LISTED RECORDS »
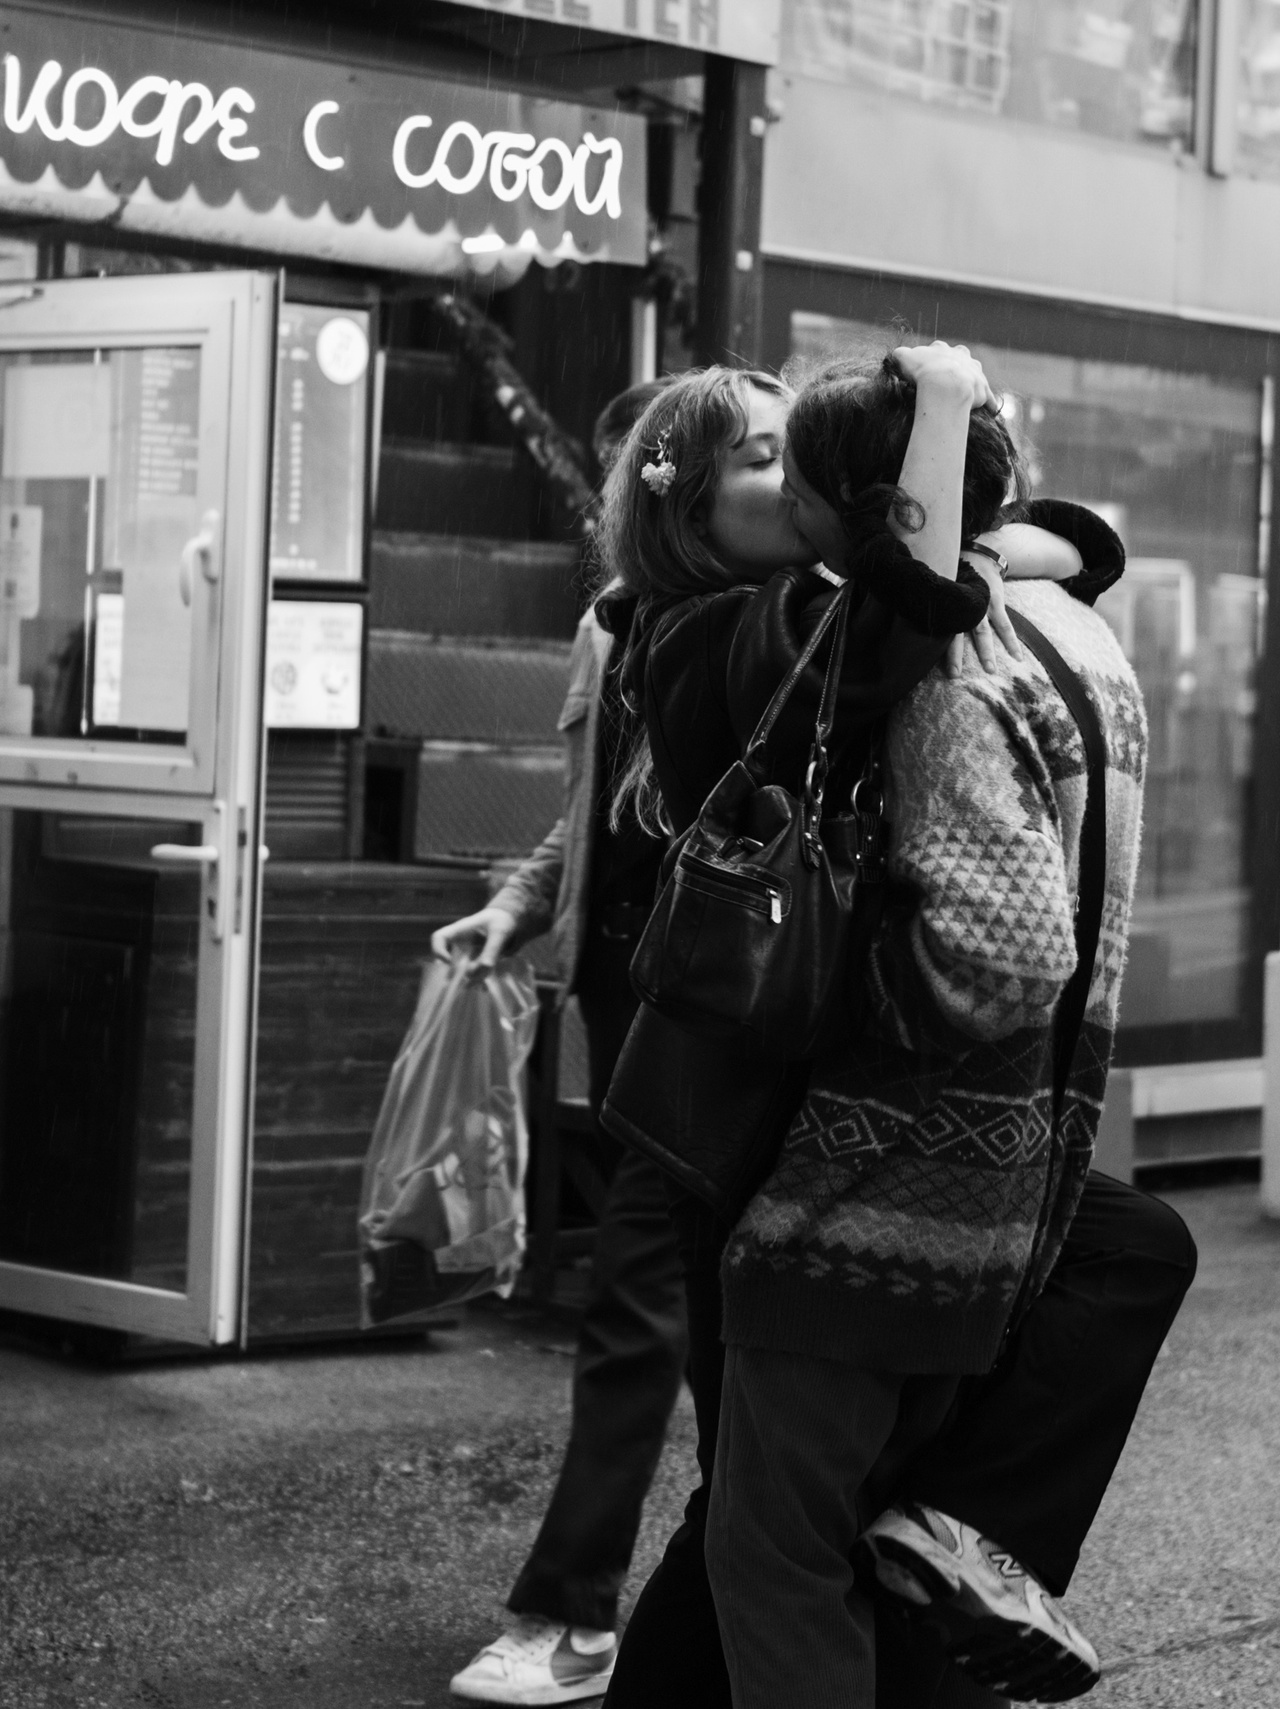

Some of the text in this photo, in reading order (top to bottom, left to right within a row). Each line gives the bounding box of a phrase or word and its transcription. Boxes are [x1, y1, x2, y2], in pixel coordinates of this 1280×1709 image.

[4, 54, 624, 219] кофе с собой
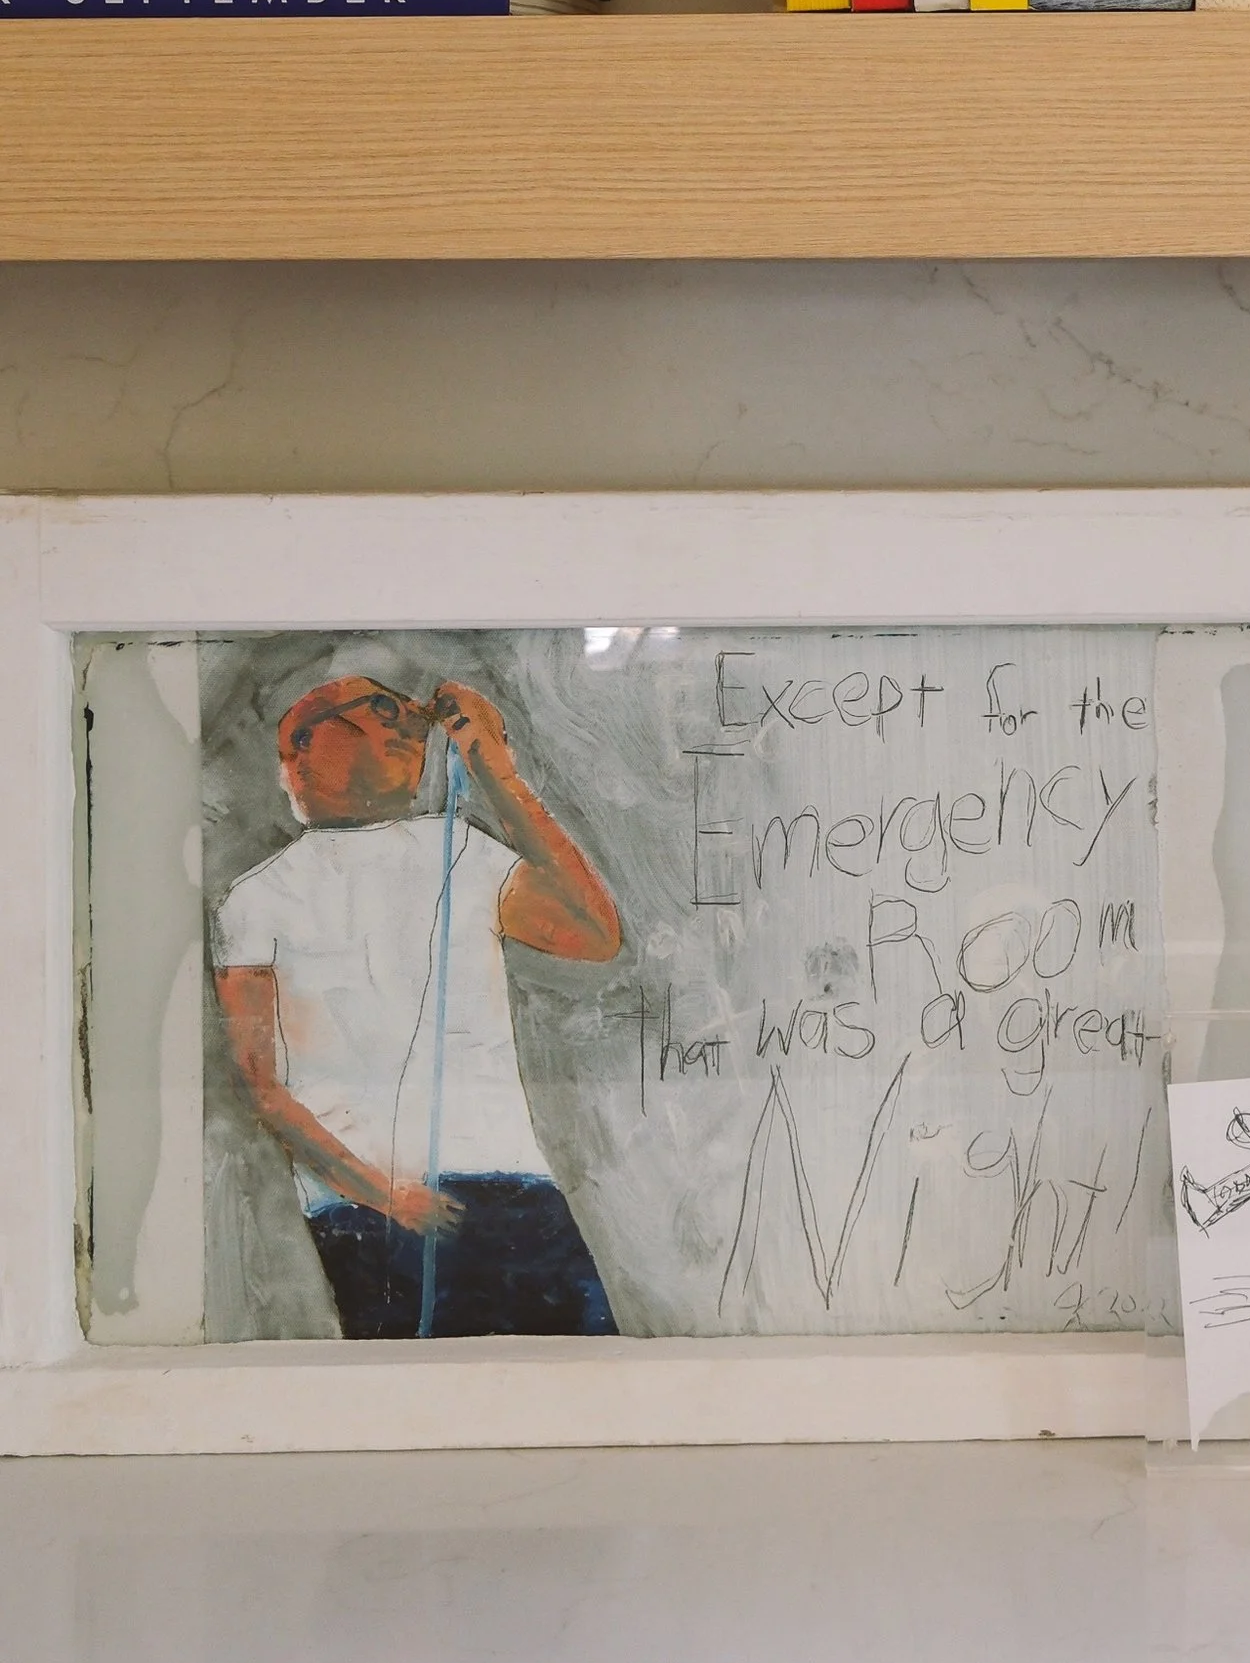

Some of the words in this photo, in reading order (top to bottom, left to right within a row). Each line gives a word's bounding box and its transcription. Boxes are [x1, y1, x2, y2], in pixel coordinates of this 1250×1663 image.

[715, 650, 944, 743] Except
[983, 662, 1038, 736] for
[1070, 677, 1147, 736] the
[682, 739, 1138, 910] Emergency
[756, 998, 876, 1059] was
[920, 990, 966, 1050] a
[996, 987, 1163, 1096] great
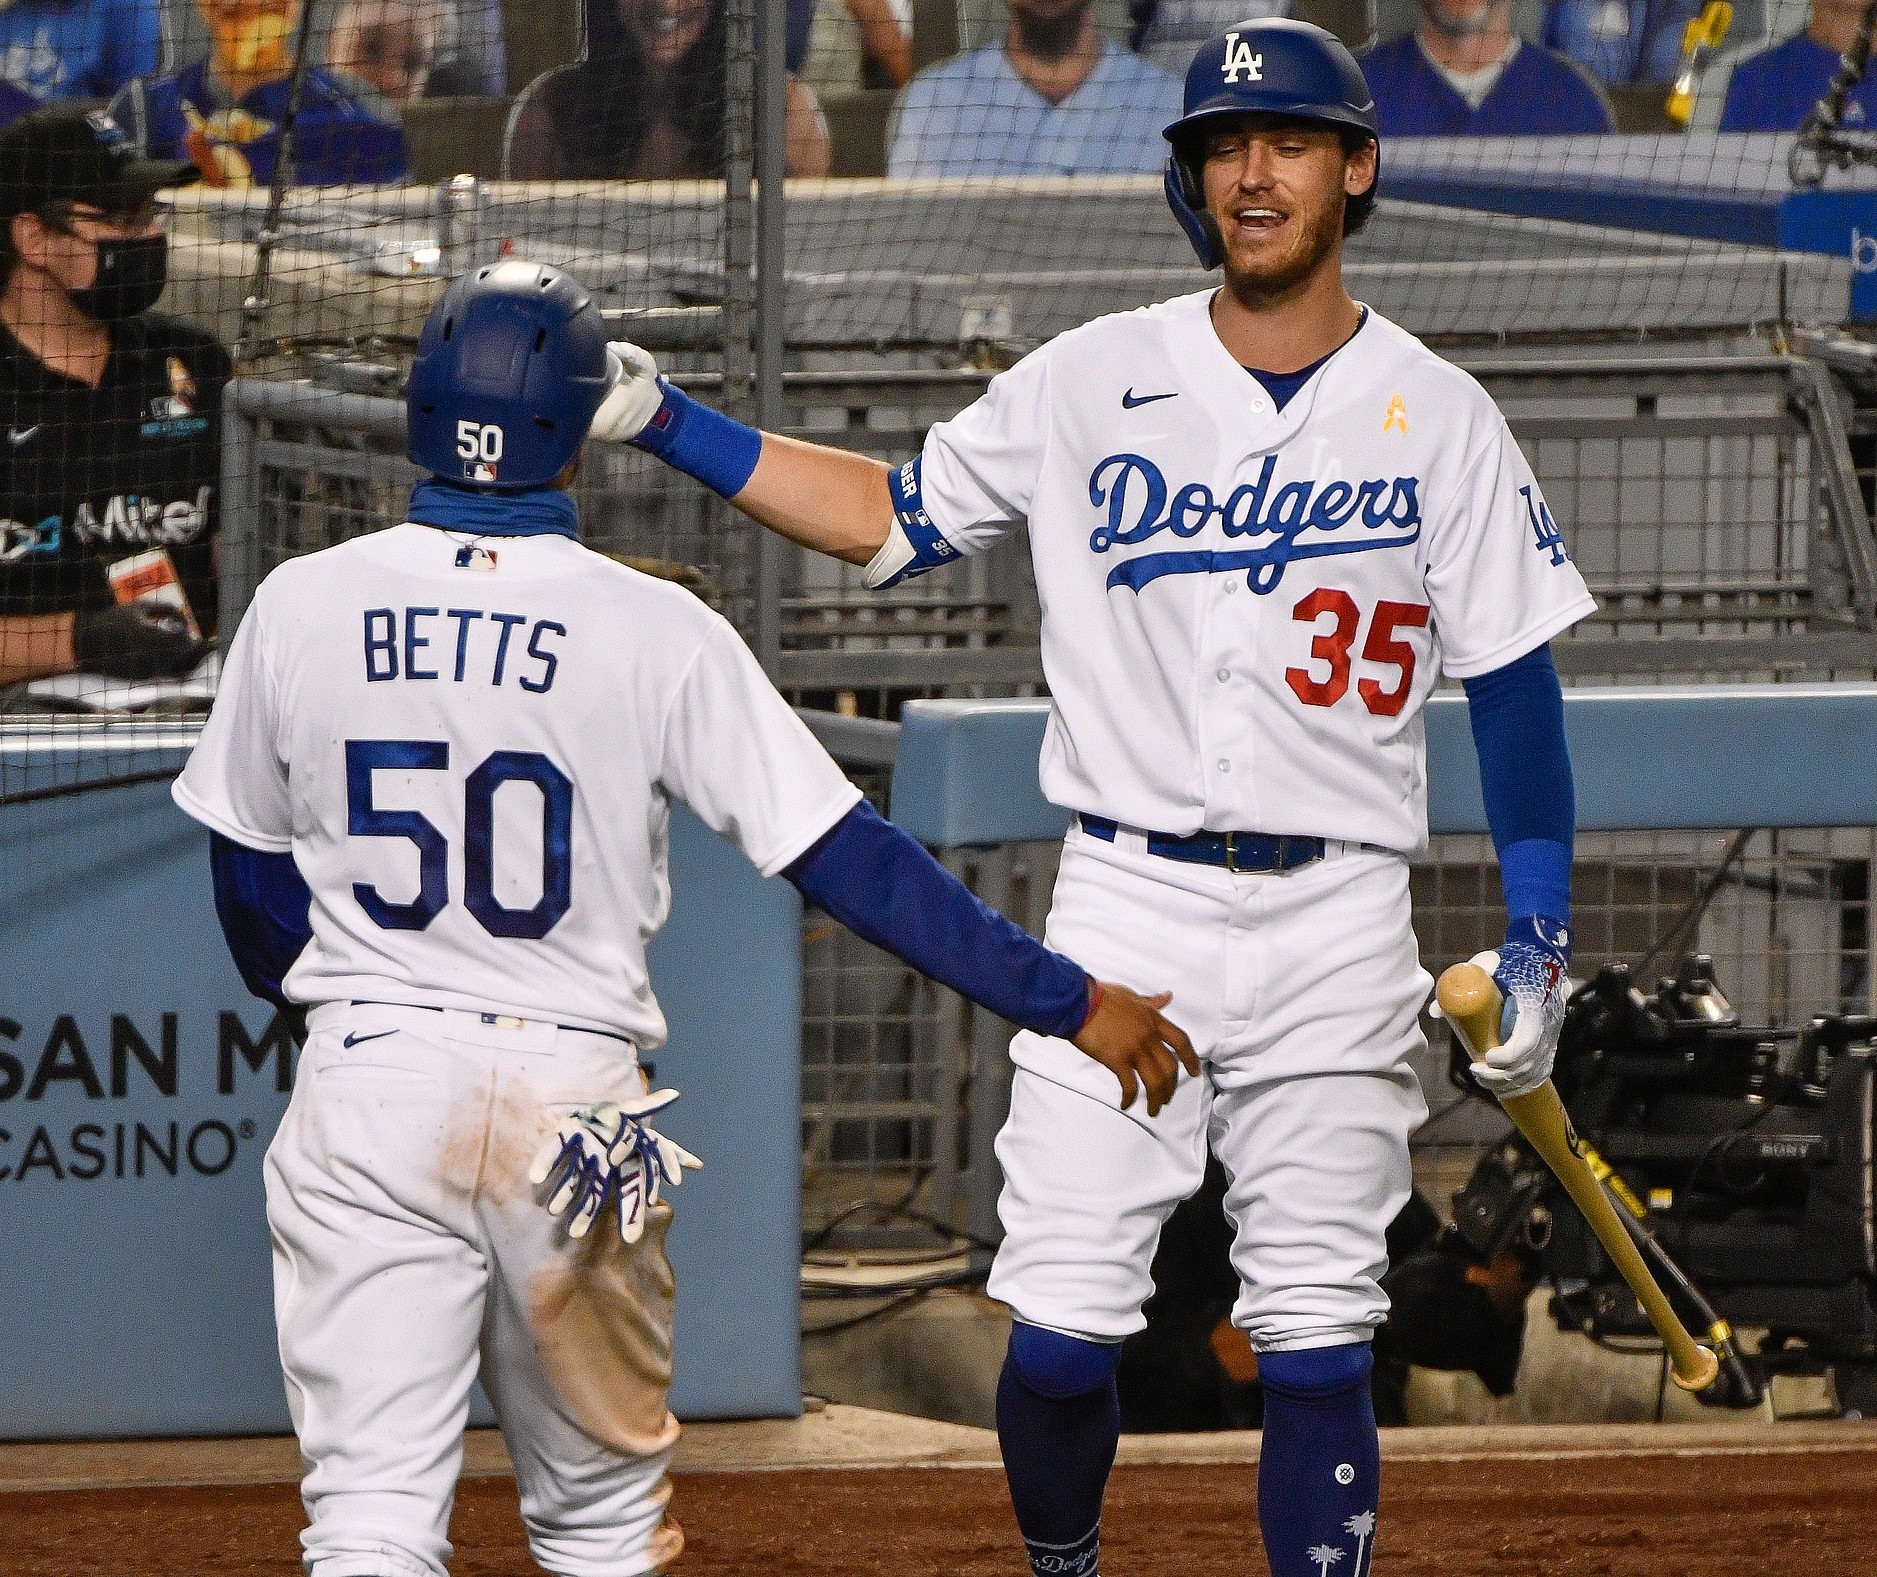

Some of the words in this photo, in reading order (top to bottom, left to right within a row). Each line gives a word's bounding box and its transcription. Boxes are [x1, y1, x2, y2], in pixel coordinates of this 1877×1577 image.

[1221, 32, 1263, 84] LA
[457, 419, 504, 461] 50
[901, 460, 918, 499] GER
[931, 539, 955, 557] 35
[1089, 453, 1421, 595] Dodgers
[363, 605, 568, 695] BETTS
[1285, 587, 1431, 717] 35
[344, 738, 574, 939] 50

PROBLEM DESCRIPTION »
The answer must be an exact copy of the records, with no images in it.

FINAL ANSWER »
Some of the text in this photo, in reading order (top to bottom, left to right within a row). Each line gives the bounding box of a phrase or word and its transcription. Boxes are [x1, y1, x2, y2], in pixel coordinates of this 1280×1709 image.

[4, 54, 624, 219] кофе с собой

Some of the words in this photo, in reading order (top to bottom, left to right within a row). Each line gives a word's bounding box and its transcription. Boxes are [x1, y1, x2, y2], in pixel coordinates of this 1250×1663 image.

[715, 650, 944, 743] Except
[983, 662, 1038, 736] for
[1070, 677, 1147, 736] the
[682, 739, 1138, 910] Emergency
[756, 998, 876, 1059] was
[920, 990, 966, 1050] a
[996, 987, 1163, 1096] great

Some of the words in this photo, in reading order (top to bottom, left to right within a row). Each line gives a word's bounding box and its transcription. Boxes are [x1, y1, x2, y2], in pixel coordinates of this 1877×1577 image.

[1221, 32, 1263, 84] LA
[457, 419, 504, 461] 50
[901, 460, 918, 499] GER
[931, 539, 955, 557] 35
[1089, 453, 1421, 595] Dodgers
[363, 605, 568, 695] BETTS
[1285, 587, 1431, 717] 35
[344, 738, 574, 939] 50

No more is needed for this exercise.